## [TO DO]
Should an entry contain an image, omit it and repeat the rest exactly.

+--

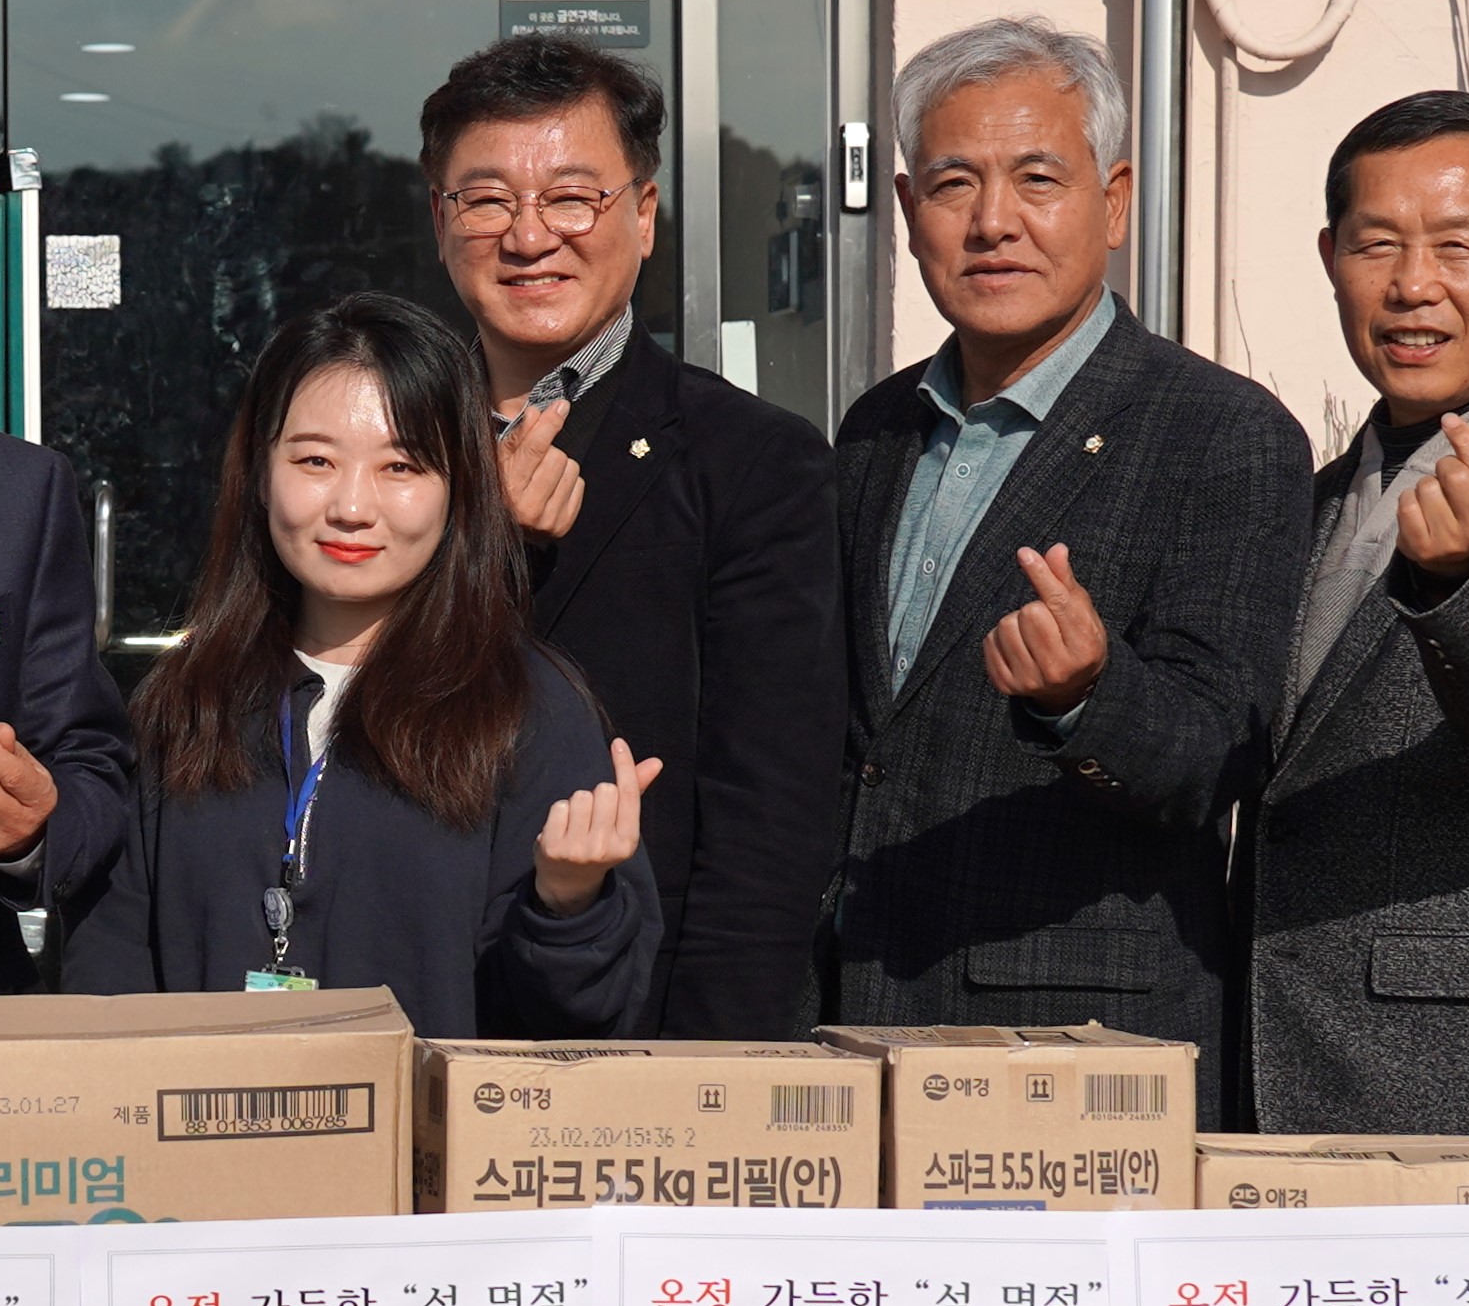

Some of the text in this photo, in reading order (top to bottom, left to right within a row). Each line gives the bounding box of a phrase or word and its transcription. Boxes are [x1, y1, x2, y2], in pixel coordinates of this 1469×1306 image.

[509, 1087, 551, 1111] 애경
[953, 1078, 989, 1098] 애경
[113, 1105, 151, 1125] 제품
[530, 1126, 675, 1148] 23.02.20/15:36
[473, 1155, 842, 1208] 스파크 5.5 kg 리필(안)
[923, 1148, 1160, 1199] 스파크 5.5 kg 리필(안)
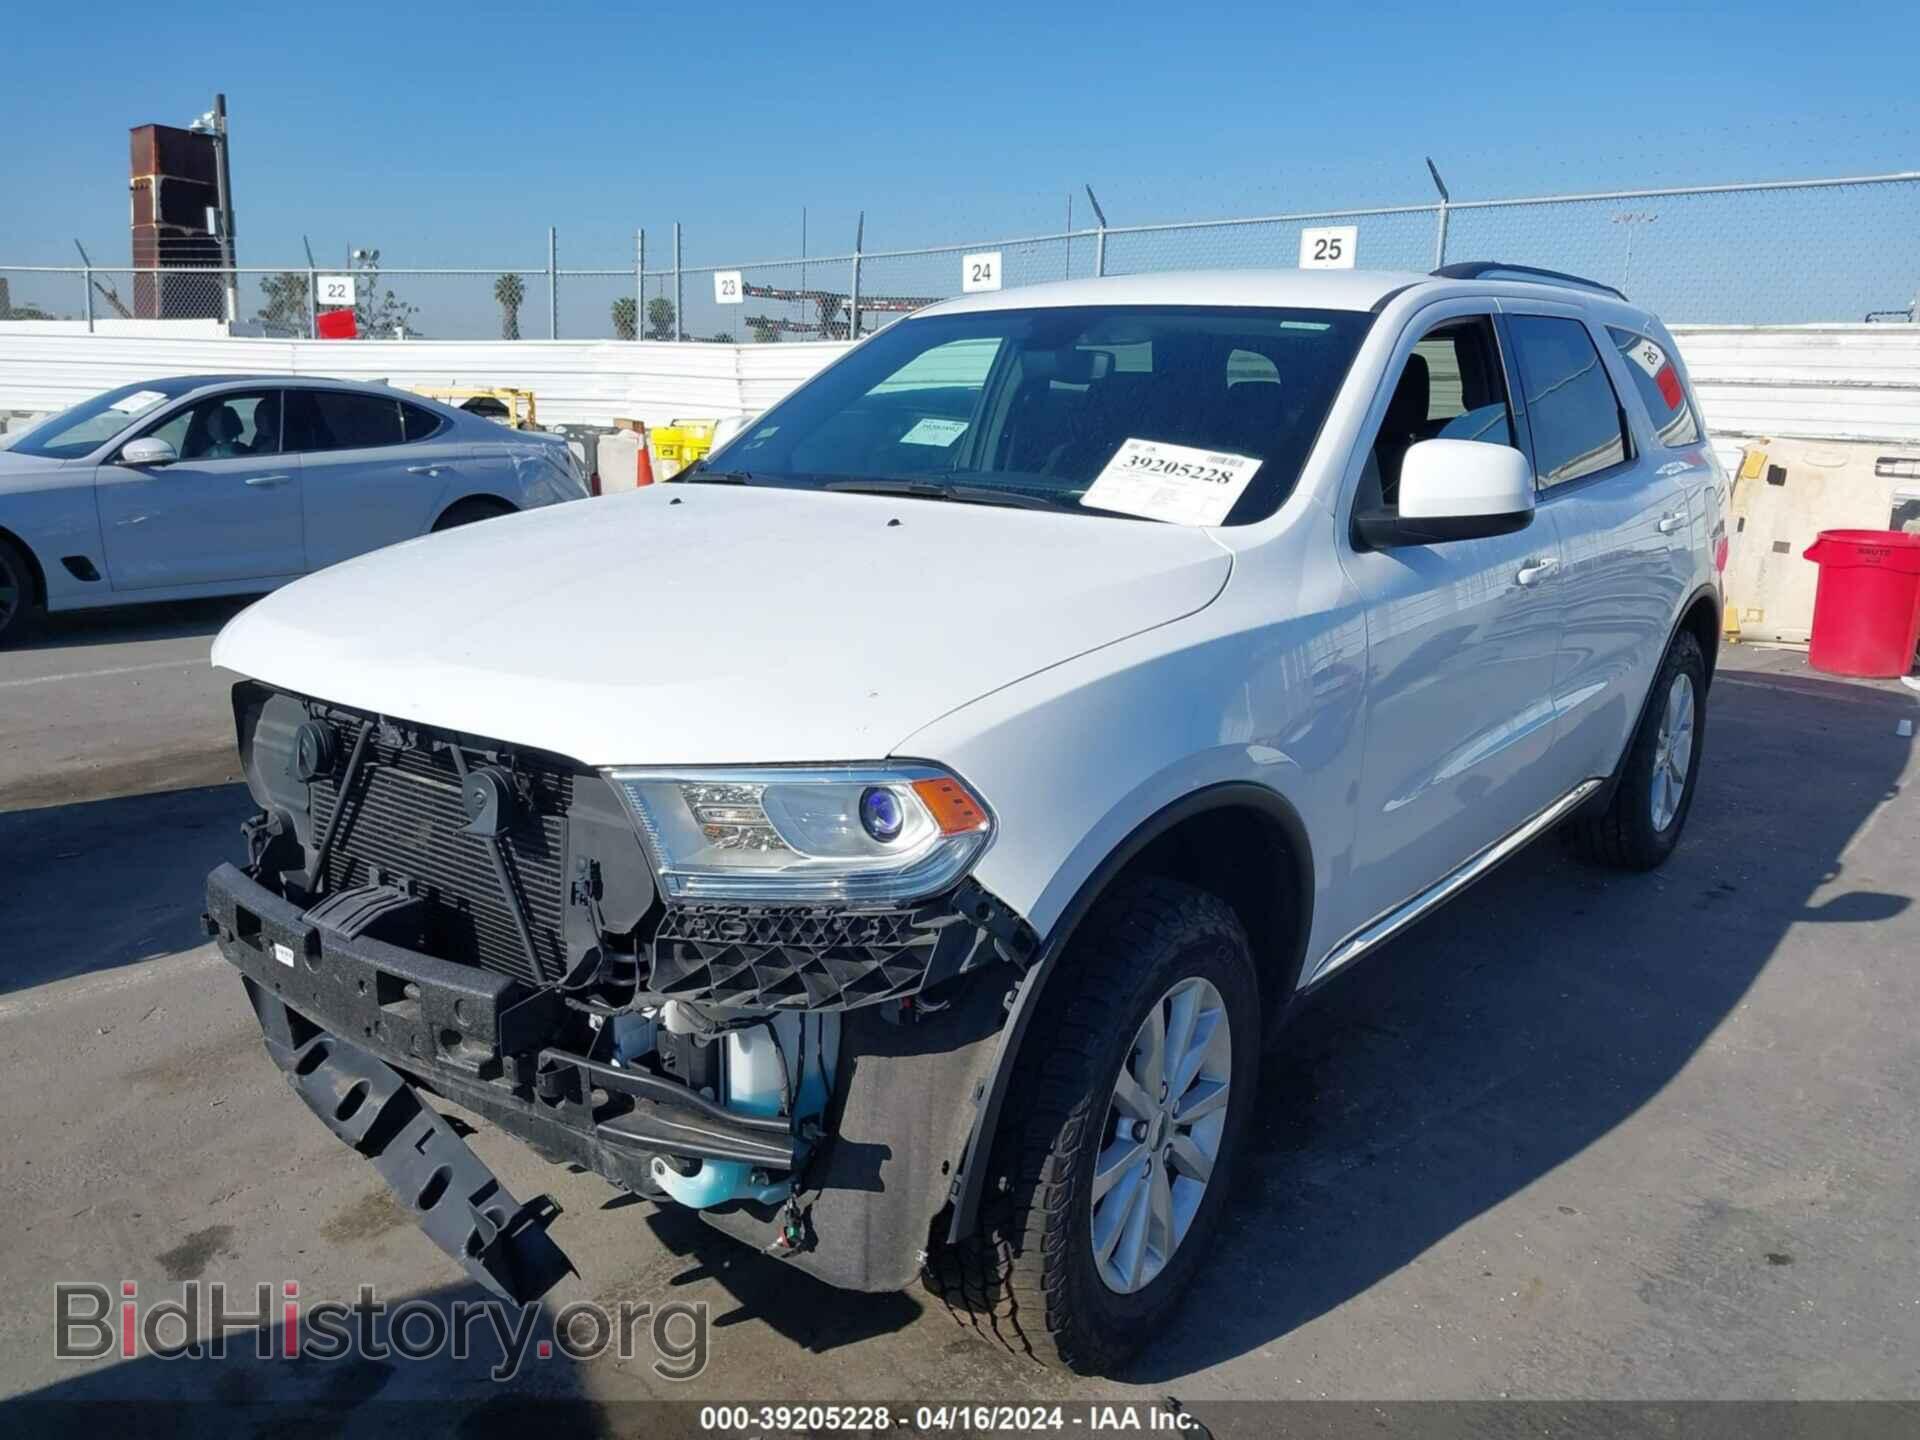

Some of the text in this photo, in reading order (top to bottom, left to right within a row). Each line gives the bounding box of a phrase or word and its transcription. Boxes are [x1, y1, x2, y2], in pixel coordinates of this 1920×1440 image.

+--

## [REPLY]
Some of the text in this photo, in reading order (top to bottom, left to right within a row). Each line gives the bounding box of a phrase or word and its transcription. Boxes are [x1, y1, x2, y2], in pixel coordinates of this 1469×1306 image.

[509, 1087, 551, 1111] 애경
[953, 1078, 989, 1098] 애경
[113, 1105, 151, 1125] 제품
[530, 1126, 675, 1148] 23.02.20/15:36
[473, 1155, 842, 1208] 스파크 5.5 kg 리필(안)
[923, 1148, 1160, 1199] 스파크 5.5 kg 리필(안)

Some of the text in this photo, in reading order (top to bottom, left to right within a row). Each line gives the bounding box of a phrase or word and its transcription. Boxes are [x1, y1, x2, y2], in pixel coordinates of this 1920×1440 image.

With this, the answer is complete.